Suppose there are two intervals, $I_1$ and $I_2$, with centers $c_1$ and $c_2$, and tolerance $t_1$ and $t_2$ respectively.

Thus we have $I_1 = [c_1 - { \frac {c_1 \cdot t_1} { 100 } }, \; c_1 + { \frac {c_1 \cdot t_1} { 100 } }]$ and
$I_2 = [c_2 - { \frac {c_2 \cdot t_2} { 100 } }, \; c_2 + { \frac {c_2 \cdot t_2} { 100 } }]$.

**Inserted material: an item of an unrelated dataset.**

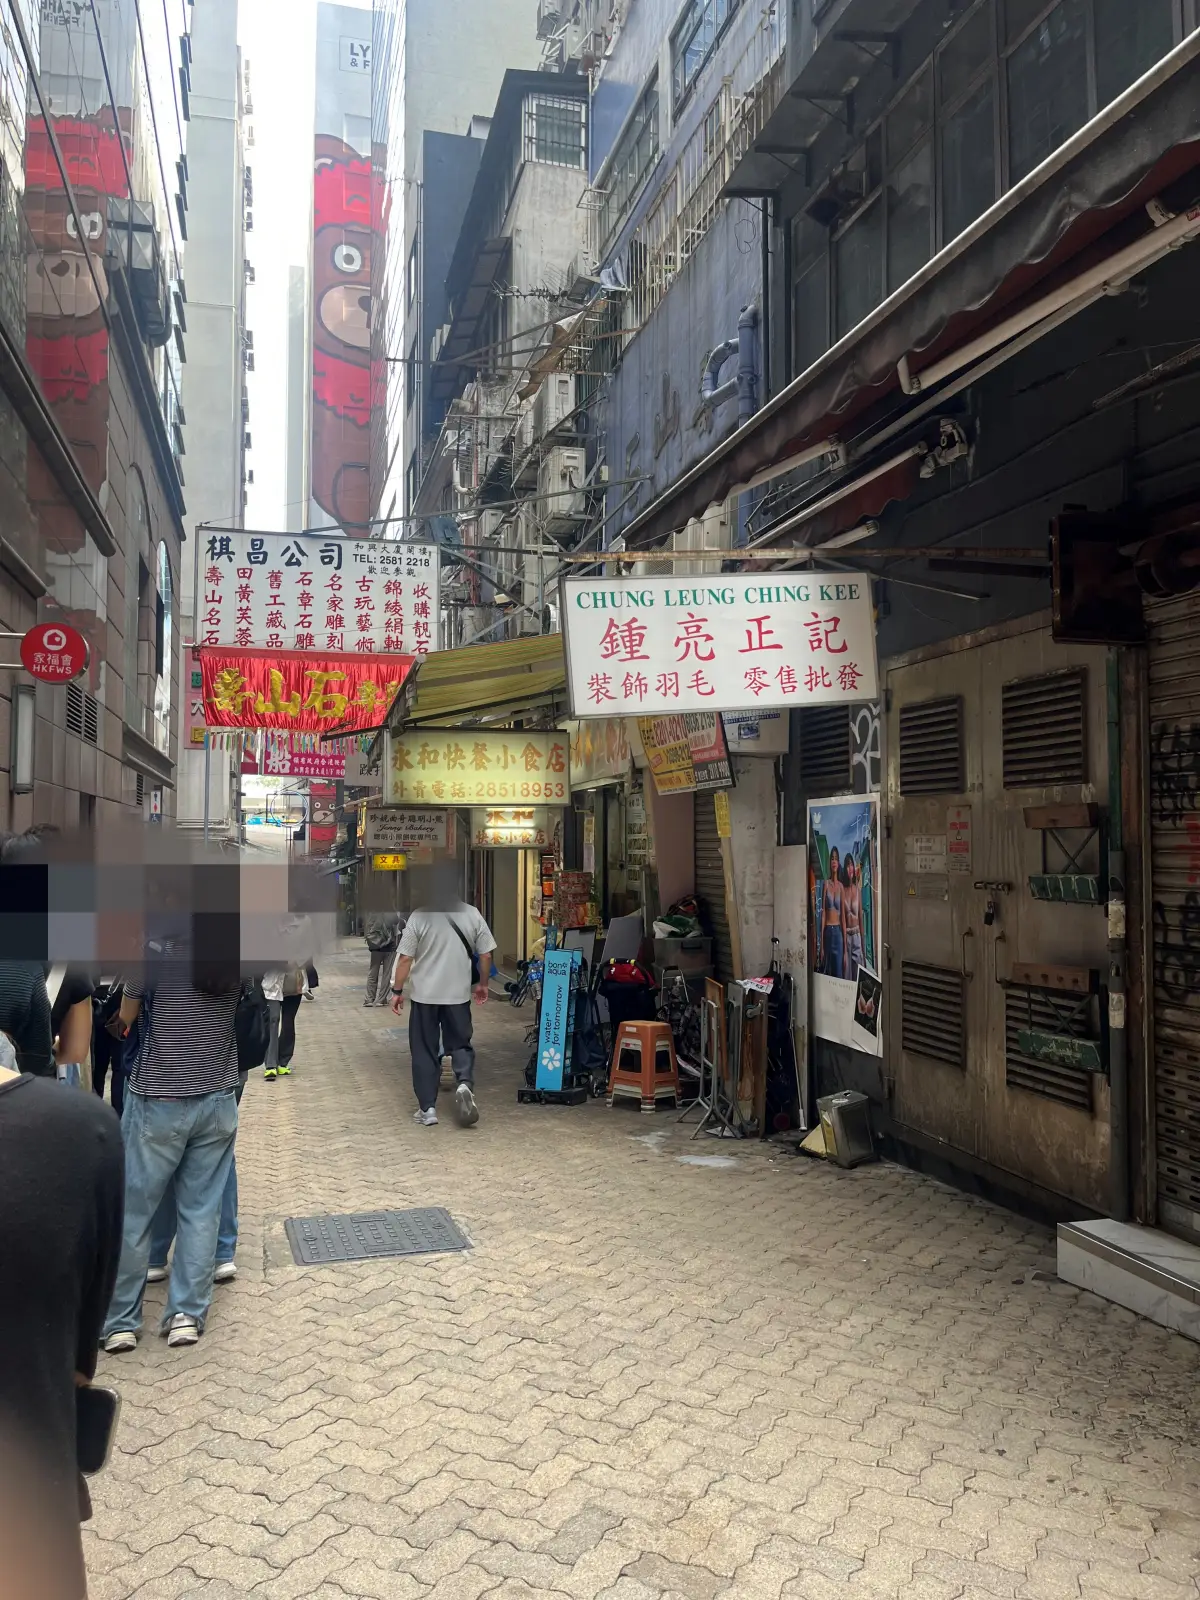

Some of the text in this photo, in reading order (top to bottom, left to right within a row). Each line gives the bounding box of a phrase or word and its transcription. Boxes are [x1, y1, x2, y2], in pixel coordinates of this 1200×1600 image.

Assuming that $I_1$ and $I_2$ contains only positive end-points. Taking help from Ex-2.11 to find the product interval, we get:

$I_1 \times I_2 = [ (c_1 - { \frac {c_1 \cdot t_1} { 100 } }) \times (c_2 - { \frac {c_2 \cdot t_2} { 100 } }), \; (c_1 + { \frac {c_1 \cdot t_1} { 100 } }) \times (c_2 + { \frac {c_2 \cdot t_2} { 100 } })]$.
$= [c_1c_2(1 - {\frac {(p+q)} { 100 } } - { \frac {pq} { 100 } }), \; c_1c_2(1 + {\frac {(p+q)} { 100 } } + { \frac {pq} { 100 } })]$
$= c_1c_2[(1 - {\frac {(p+q)} { 100 } } - { \frac {pq} { 100 } }), \; (1 + {\frac {(p+q)} { 100 } } + { \frac {pq} { 100 } })]$
Since $p$ and $q$ are small, it follows ${ \frac {pq} { 100 } }$ will become smaller and we can ignore it. Thus we get:
$= c_1c_2[(1 - {\frac {(p+q)} { 100 } }), \; (1 + {\frac {(p+q)} { 100 } })]$.

Thus we can see the tolerance of the product is sum of the percentage tolerances of individual intervals.